Lazarre Seymour Simckes is an award-winning playwright, novelist, educator, Hebrew-English translator, and psychotherapist. He has developed approaches to the use of creative writing in areas including prison therapy and cross-cultural communication between students in the Middle East.
Simckes’s first published work was a translation of two stories by the Israeli author, S. Y. Agnon, followed by the short story, “Behold My Servant!” published in Stanford Short Stories 1962. His novels include Seven Days in Mourning (Random House, 1963) and The Comatose Kids (Fiction Collective, 1975).
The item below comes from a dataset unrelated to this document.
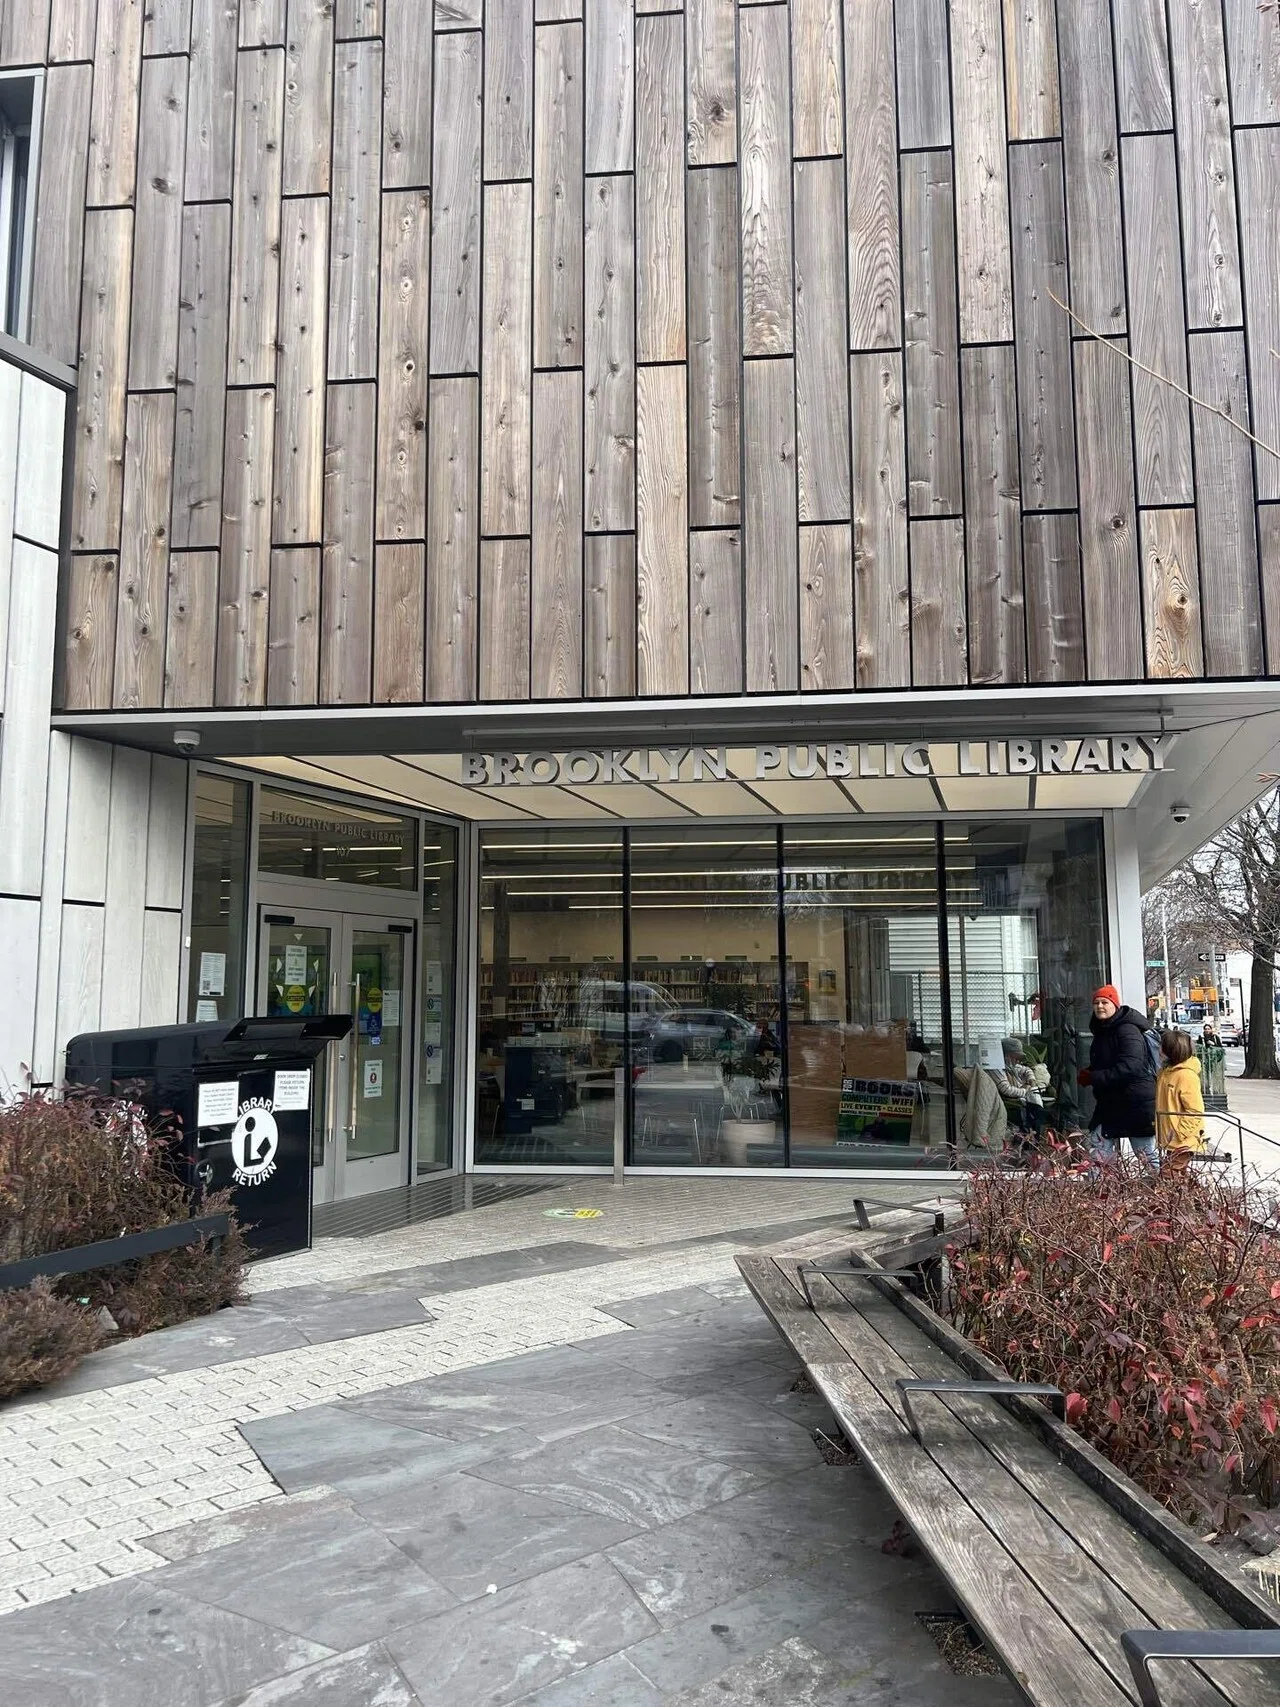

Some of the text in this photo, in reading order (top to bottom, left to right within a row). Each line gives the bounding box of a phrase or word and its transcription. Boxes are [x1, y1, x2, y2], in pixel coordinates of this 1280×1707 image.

He has translated a number of works from Hebrew to English, including Adam Resurrected, The Chocolate Deal, and Commander of the Exodus. He also translated Nava Semel’s children’s book Becoming Gershona, about a twelve-year old girl in 1958 Tel Aviv. In addition to Hebrew, Simckes is fluent in Yiddish, and according to the director of the film Kvetch, Simckes was one of the inspirations for the movie, and also appeared in it.
His first play, Seven Days of Mourning (adapted from his novel published by Random House), was staged on Broadway at Circle in the Square. Clive Barnes called it “spiky, yet intensely moving. A ‘Fiddler on the Roof’ without music, but with blood. Unique, wild, funny. It still haunts me.” He wrote the off-off-Broadway play “Ten Best Martyrs of the Year,” a Theater for the New City (TNC) production directed by Crystal Field, about the ten rabbis who were tortured to death in Rome for supporting the revolt led by Bar Kokhbah in 2nd-century Palestine. Simckes said of that play, “I tend to make tragic comment in a mixture of styles. So what did I do? I wrote a play as if as if through the eyes of Hadrian, the Roman emperor, watching the genocide of the Jews from his balcony.” The play was reviewed by Michael Smith in The Village Voice as “timeless, mythic, enlivened by all kinds of stylistic intrusions and an almost hysterical inventiveness.”
His awards include two National Endowment of the Arts fellowships and the National Jewish Book Award.